From our experiences, we felt discussions around urban development plans were often too formal and top down. We became interested in exploring more theatrical means to conduct these conversations, to encourage participants to look at their habitat in more detail and imagine alternative perspectives.
Therefore, using our four extremes of transition, we designed a floor chart upon which to conduct our workshop. After introducing our participants to the space we asked them to physically position themselves on the chart for their work, home & social lives. We asked them to consider how the environment impacted their thinking. Each participant marked down their position and noted their thoughts.





During our research trip we amassed “textures” from around the city - cropped tiles from photographs that gave a material and spacial impression of the different areas and communities of Aarhus.

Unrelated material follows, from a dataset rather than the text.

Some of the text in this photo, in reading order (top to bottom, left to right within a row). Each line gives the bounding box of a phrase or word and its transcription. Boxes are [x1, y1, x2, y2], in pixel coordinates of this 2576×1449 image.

We asked them to position the tiles on the chart to give a visual identity to the space - did the environments encourage or discourage change? Did they support, inspire, motivate or depress and suppress the people living in and around them? The exercises worked as a dynamic tool to engage the participants with a more analytical study of the spaces they inhabit.




A big aim of our Creativity World Forum breakout session was to engage our participants with new and unimagined future perspectives for the needs and demands of city life. The Creativity World Forum created an optimum environment for the generation of new ways of thinking with 21 creative experts from a diverse range of fields were coming together to share their experiences and ideas. From this collision of creativity new ways of thinking are bound to grow but we wanted a suggestion of these ideas in our workshop. We aren’t experts in future forecasting so we came up with a system to create citizens of the future - characters our participants could embody to imagine new structures for urban living.

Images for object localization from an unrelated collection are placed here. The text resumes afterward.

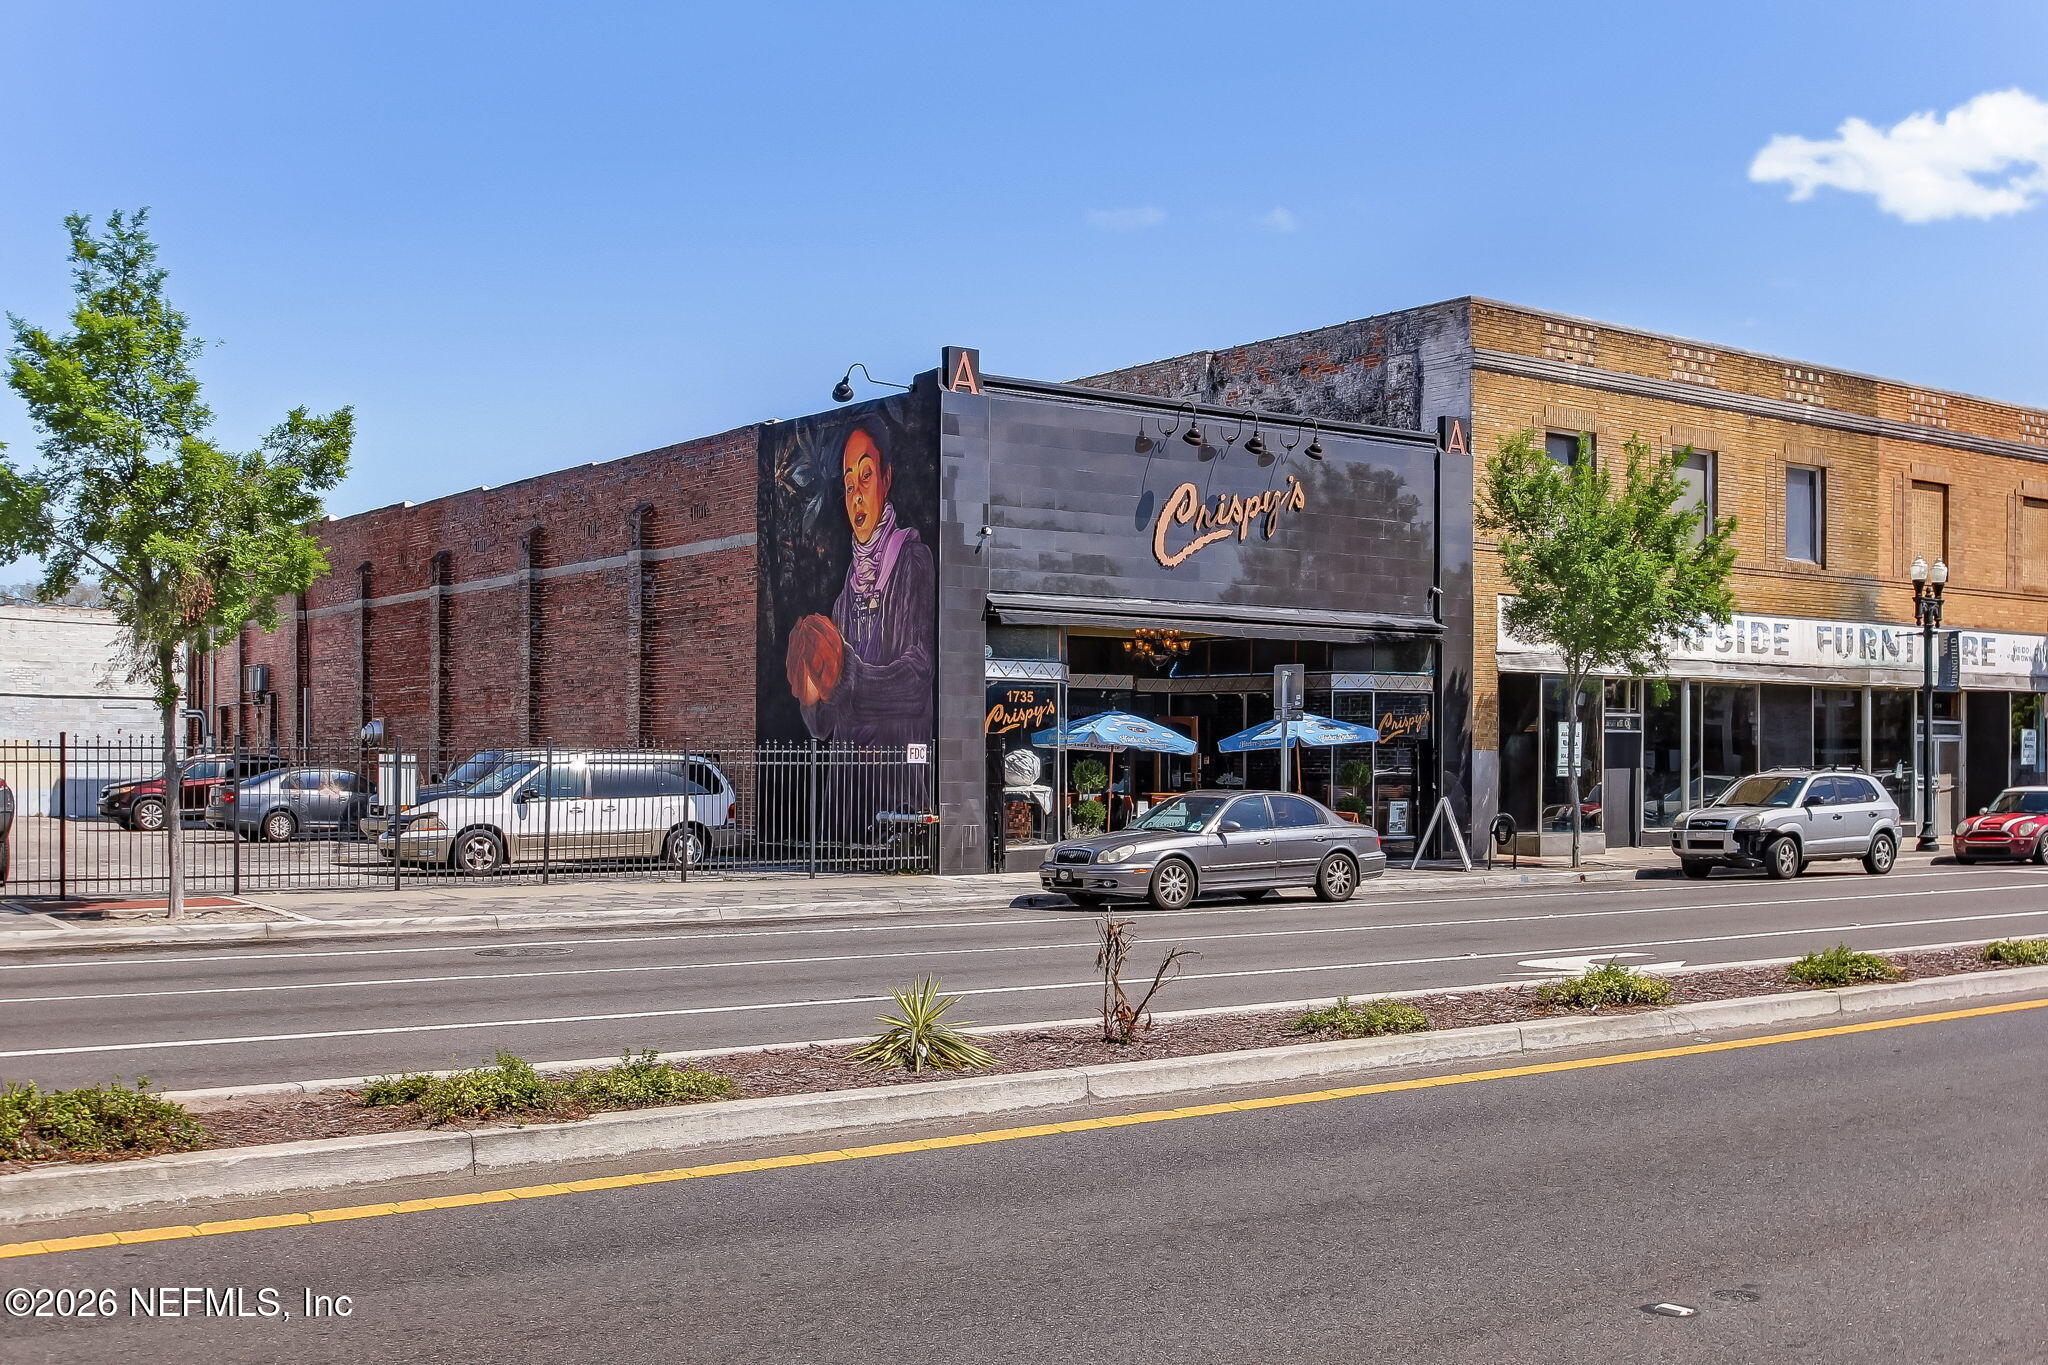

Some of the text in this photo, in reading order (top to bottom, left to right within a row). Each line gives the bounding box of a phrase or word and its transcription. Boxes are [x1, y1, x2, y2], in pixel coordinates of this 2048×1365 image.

[950, 351, 979, 395] A
[1447, 420, 1467, 455] A
[1154, 475, 1305, 568] Crispy's
[1816, 625, 1997, 667] FURNIRE
[1950, 637, 1958, 687] SPRINGFIELD
[1006, 690, 1035, 703] 1735
[985, 699, 1056, 734] Crispy's
[1378, 707, 1431, 744] Crispy's
[909, 747, 926, 760] FDC

As our equation explains (please excuse our dodgy algebra), for each of the 21 speakers we found the top 5 articles posted or related to them via twitter. For each article we took the 3 most cited terms. This left us with 315 words with which we could make a possible 24,649 combinations for our future citizens.




The second part of our workshop asked our participants to imagine alternative possibilities for a city’s future demands and how a range of different perspectives could cooperate.
By farming the most cited terms from the Creativity World Forum speakers’ online output, we had collected a range of words that would allow us to create future citizens. We gave our participants 4 words from our collection to make their own combinations. Once they had their future citizens we asked them to walk around the space and take on the persona of their citizen - what were their needs, desires, inputs and outputs?
In groups they had to formulate a Declaration of Cooperation for how their future citizens could co-exist. The groups had access to a collection of graphic symbols we had collected from Aarhus to help them communicate their ideas. We were impressed by how the groups threw themselves into the exercise and some interesting concepts came out. One group created the Body Policy, whereby they stated that our activities as humans had become dependant on technology and increasingly static, that we had to learn to use our bodies more dynamically in everything we did to appease tensions and become happier - quite in keeping with our thinking behind the workshop.